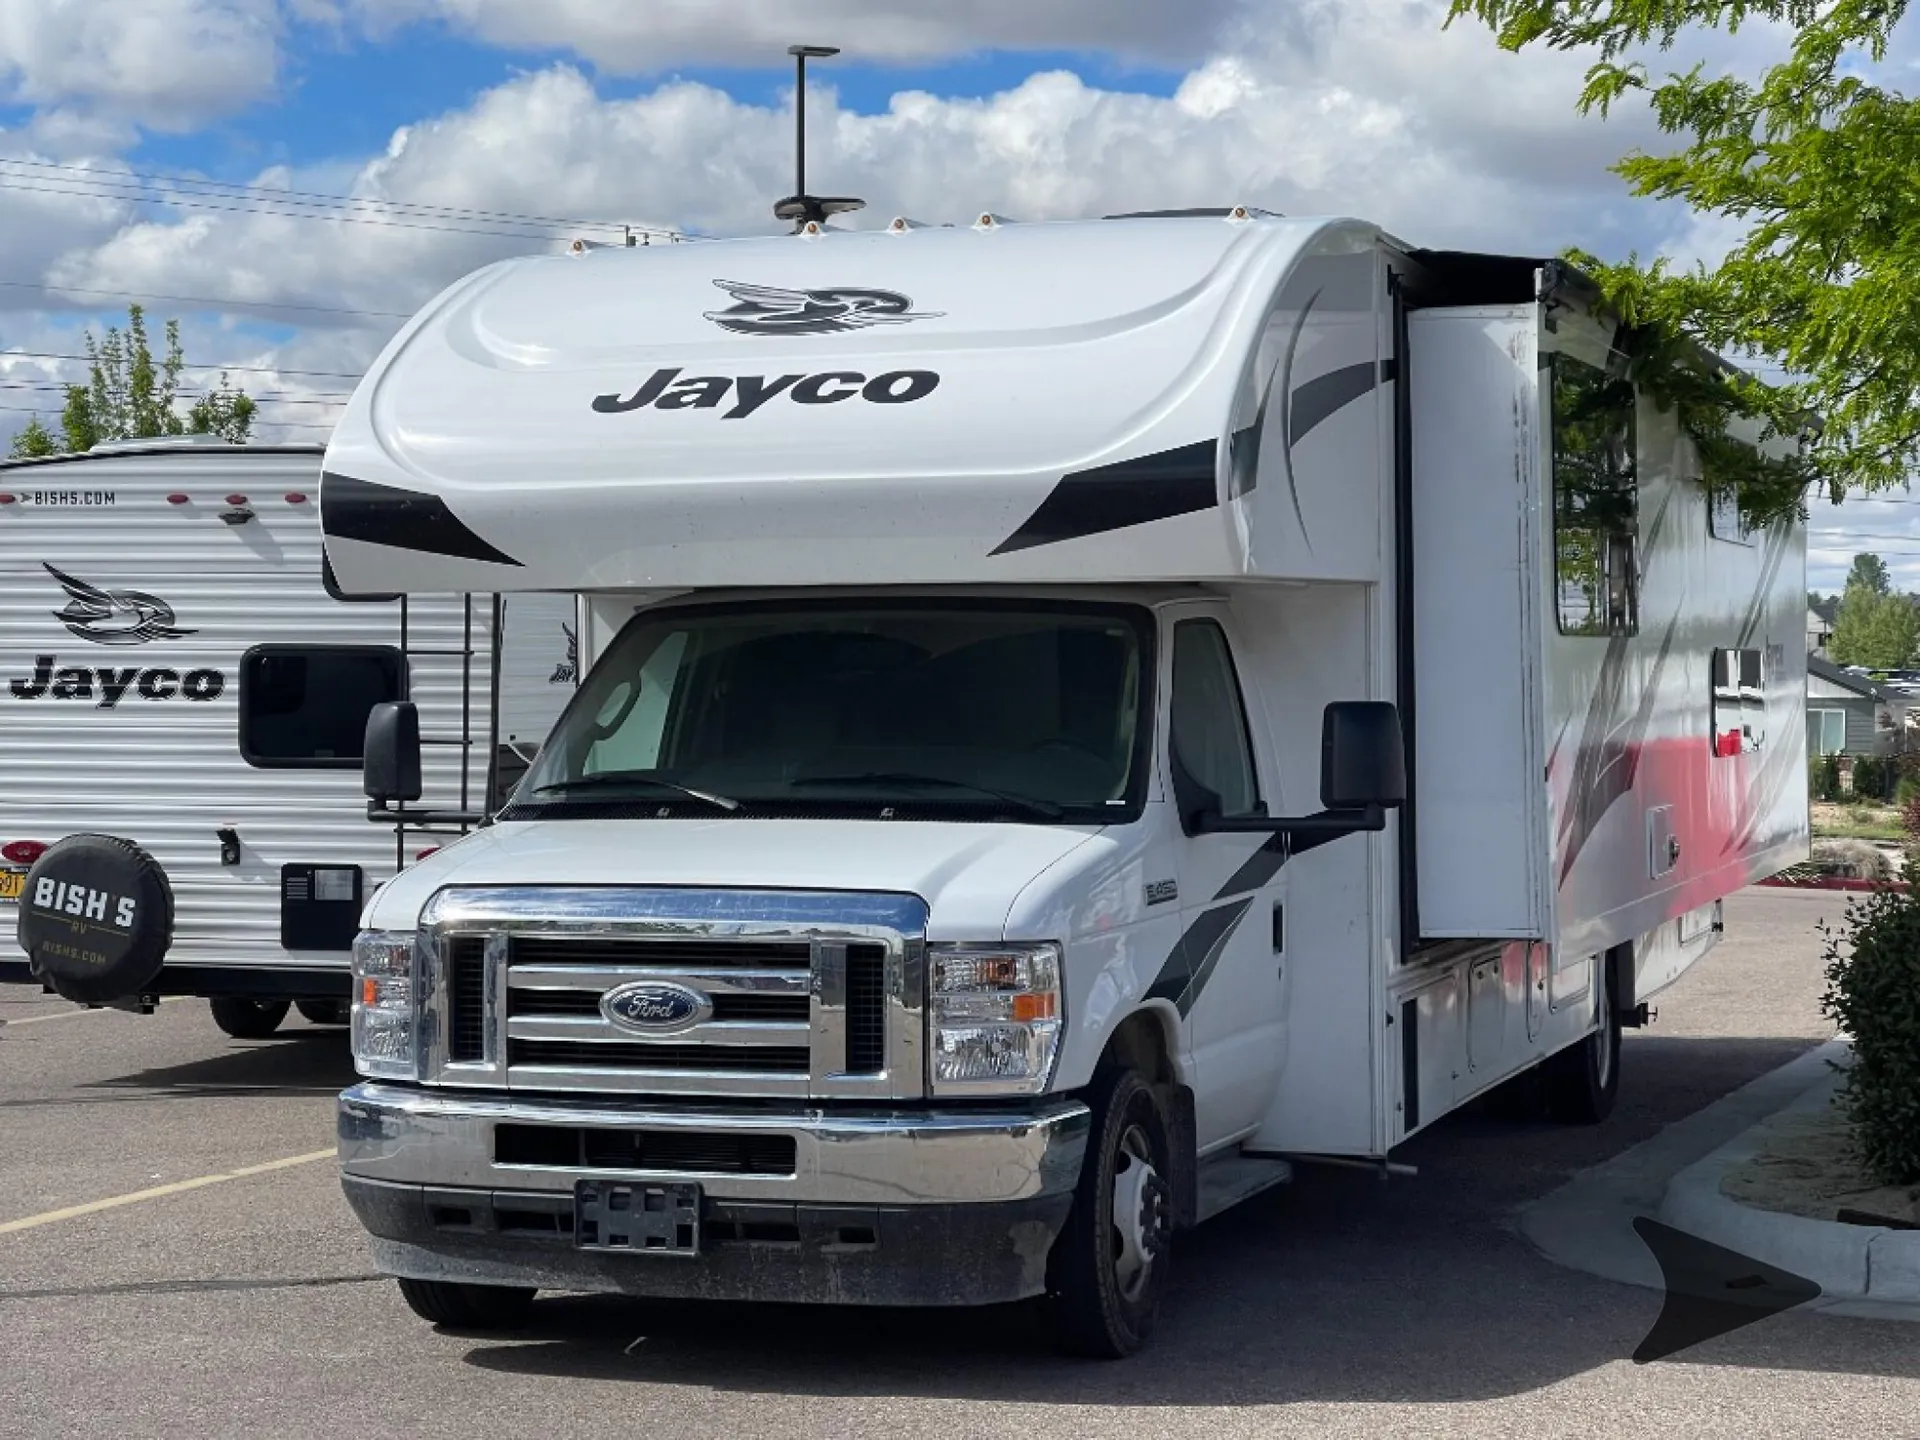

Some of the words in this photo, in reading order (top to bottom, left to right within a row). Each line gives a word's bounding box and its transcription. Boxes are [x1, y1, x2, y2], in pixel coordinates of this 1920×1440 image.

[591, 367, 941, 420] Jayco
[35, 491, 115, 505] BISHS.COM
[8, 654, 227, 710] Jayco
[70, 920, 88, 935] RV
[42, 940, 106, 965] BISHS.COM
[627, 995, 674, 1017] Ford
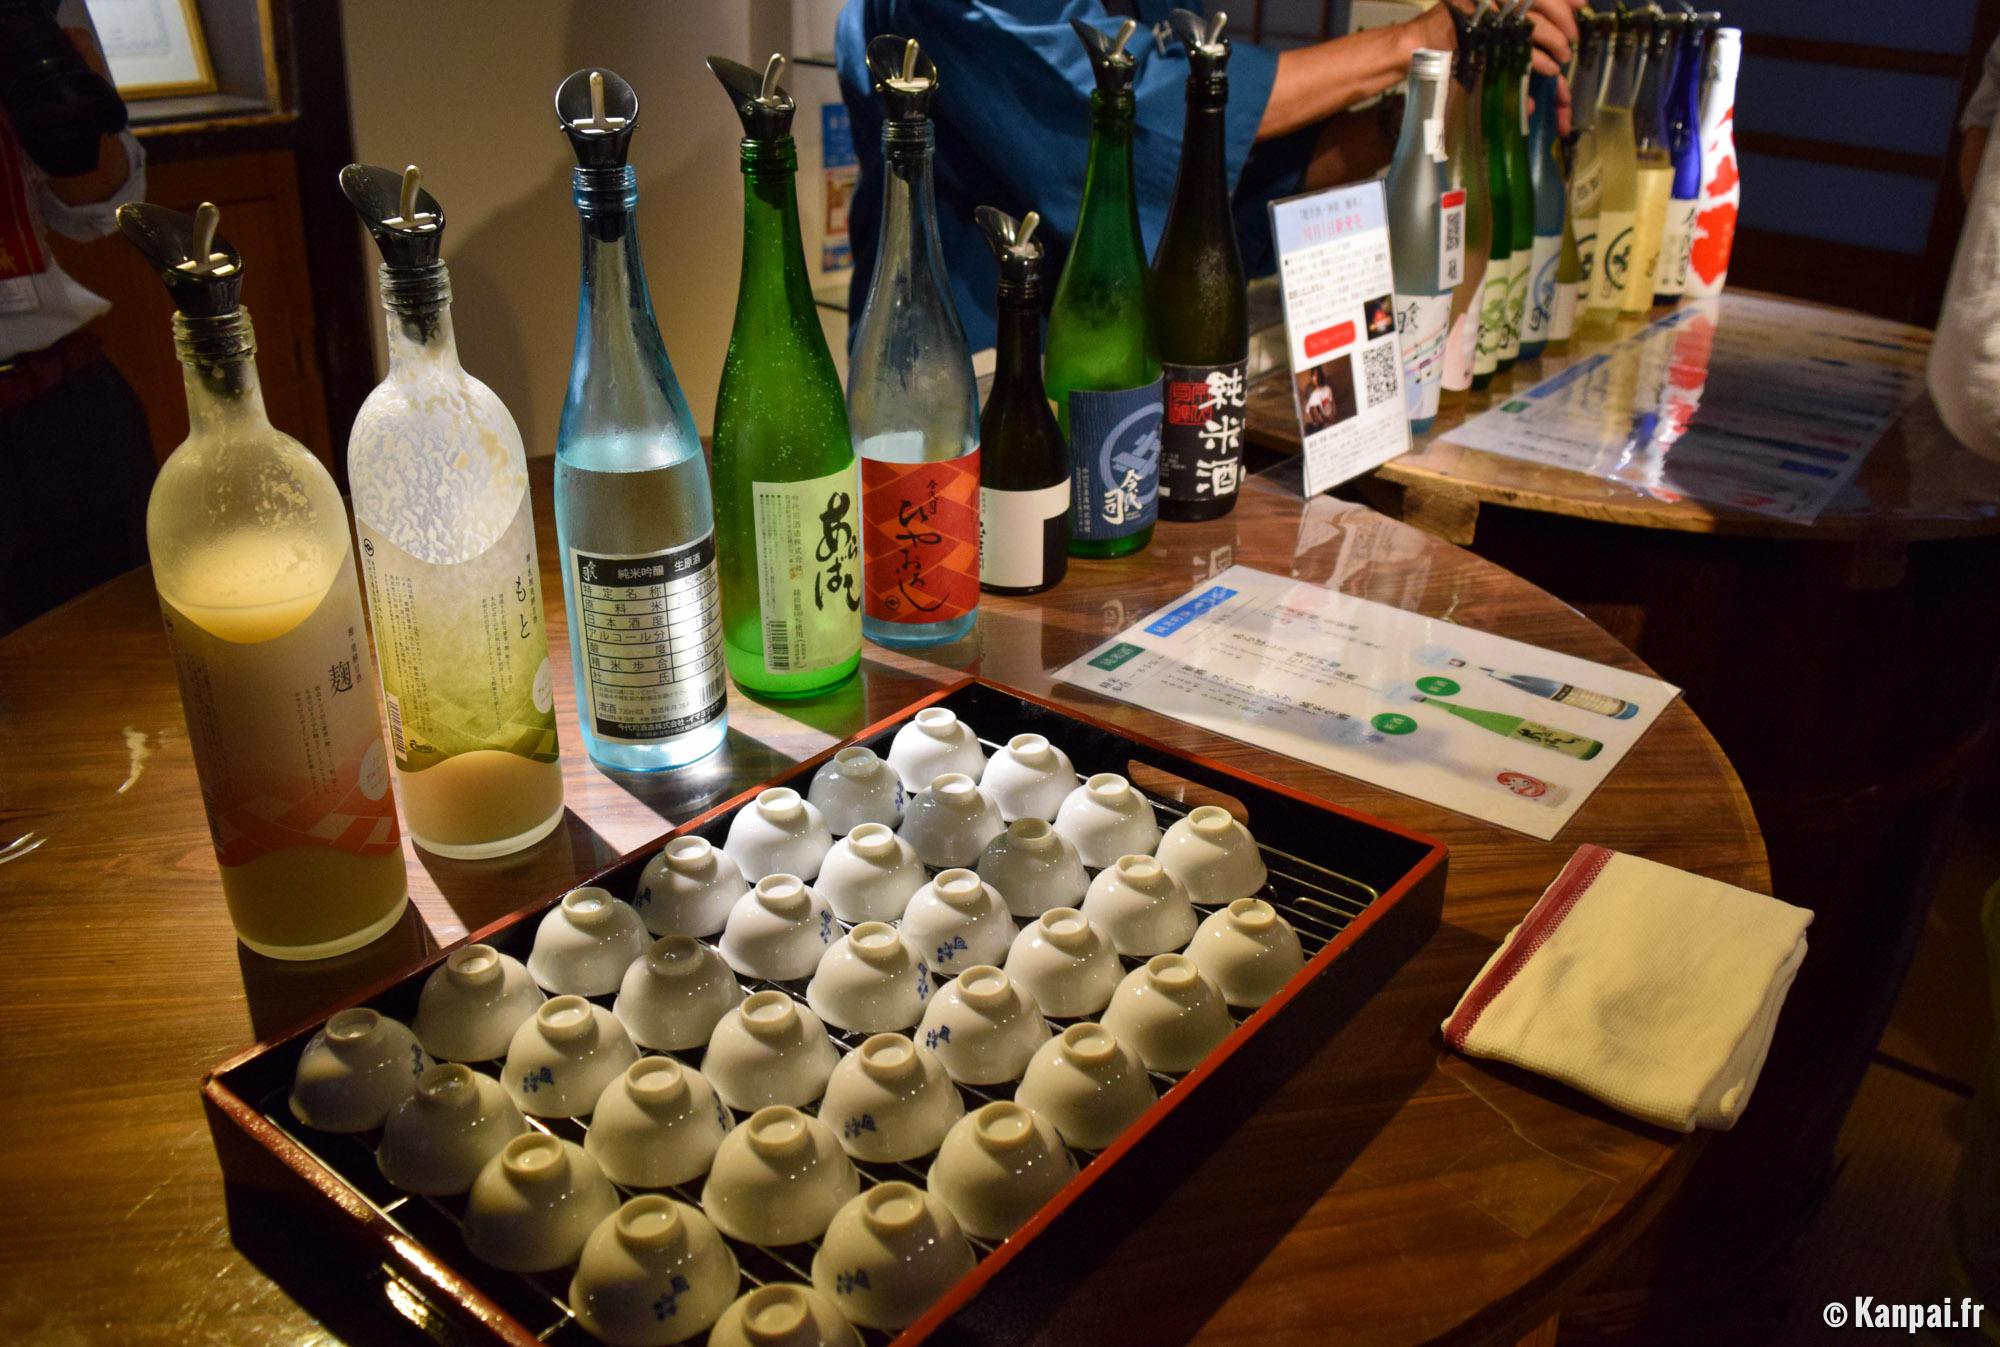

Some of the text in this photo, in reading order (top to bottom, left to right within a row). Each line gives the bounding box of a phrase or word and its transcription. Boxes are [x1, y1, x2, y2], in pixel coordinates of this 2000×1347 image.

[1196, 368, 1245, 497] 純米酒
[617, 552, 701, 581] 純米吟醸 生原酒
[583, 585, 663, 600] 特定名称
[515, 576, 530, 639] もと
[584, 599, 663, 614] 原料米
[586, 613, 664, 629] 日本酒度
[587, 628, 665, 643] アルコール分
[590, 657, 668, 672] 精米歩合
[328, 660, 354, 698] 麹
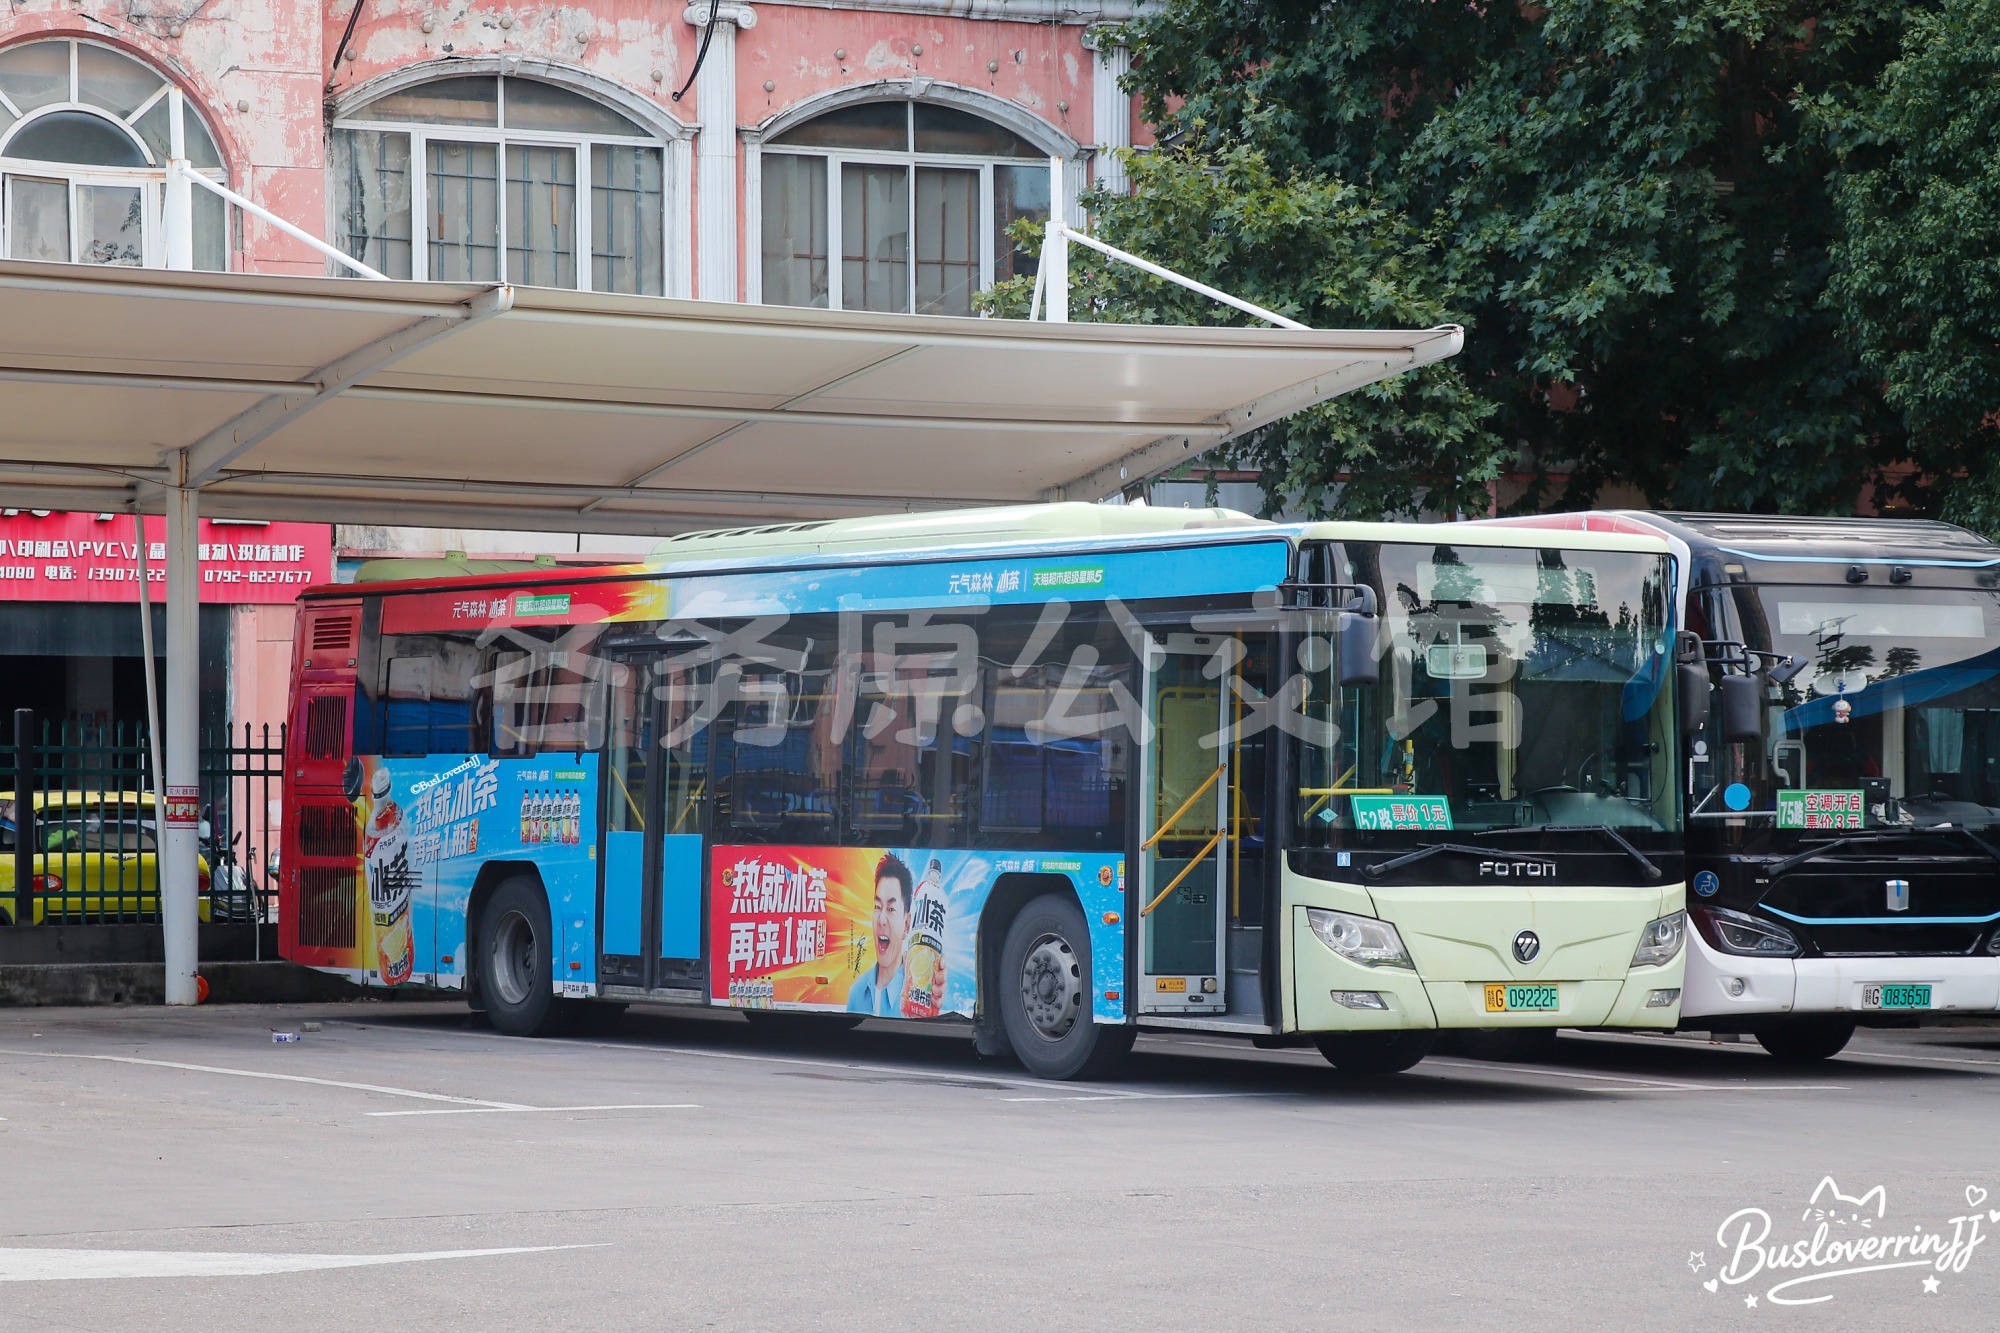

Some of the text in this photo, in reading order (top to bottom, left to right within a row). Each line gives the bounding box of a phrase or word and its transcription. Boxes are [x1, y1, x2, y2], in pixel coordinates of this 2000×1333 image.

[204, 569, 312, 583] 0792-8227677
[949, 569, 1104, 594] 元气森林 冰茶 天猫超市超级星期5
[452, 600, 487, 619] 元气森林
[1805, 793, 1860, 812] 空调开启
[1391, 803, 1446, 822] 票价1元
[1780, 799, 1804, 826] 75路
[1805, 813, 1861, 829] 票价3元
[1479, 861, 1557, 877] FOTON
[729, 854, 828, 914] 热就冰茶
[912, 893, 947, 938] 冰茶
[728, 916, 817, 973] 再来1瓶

☆ ☆ ☆ ☆

__Work request__: Give every record back exactly as it reads, with no images.

__Answer space__:
Some of the words in this photo, in reading order (top to bottom, left to right within a row). Each line gives a word's bounding box and its transcription. Boxes are [x1, y1, x2, y2], in pixel coordinates of this 1920×1440 image.

[591, 367, 941, 420] Jayco
[35, 491, 115, 505] BISHS.COM
[8, 654, 227, 710] Jayco
[70, 920, 88, 935] RV
[42, 940, 106, 965] BISHS.COM
[627, 995, 674, 1017] Ford

Some of the text in this photo, in reading order (top to bottom, left to right within a row). Each line gives the bounding box of a phrase or word and its transcription. Boxes are [x1, y1, x2, y2], in pixel coordinates of this 2000×1347 image.

[1196, 368, 1245, 497] 純米酒
[617, 552, 701, 581] 純米吟醸 生原酒
[583, 585, 663, 600] 特定名称
[515, 576, 530, 639] もと
[584, 599, 663, 614] 原料米
[586, 613, 664, 629] 日本酒度
[587, 628, 665, 643] アルコール分
[590, 657, 668, 672] 精米歩合
[328, 660, 354, 698] 麹

Some of the text in this photo, in reading order (top to bottom, left to right within a row). Each line gives the bounding box of a phrase or word and its transcription. Boxes are [x1, y1, x2, y2], in pixel coordinates of this 2000×1333 image.

[204, 569, 312, 583] 0792-8227677
[949, 569, 1104, 594] 元气森林 冰茶 天猫超市超级星期5
[452, 600, 487, 619] 元气森林
[1805, 793, 1860, 812] 空调开启
[1391, 803, 1446, 822] 票价1元
[1780, 799, 1804, 826] 75路
[1805, 813, 1861, 829] 票价3元
[1479, 861, 1557, 877] FOTON
[729, 854, 828, 914] 热就冰茶
[912, 893, 947, 938] 冰茶
[728, 916, 817, 973] 再来1瓶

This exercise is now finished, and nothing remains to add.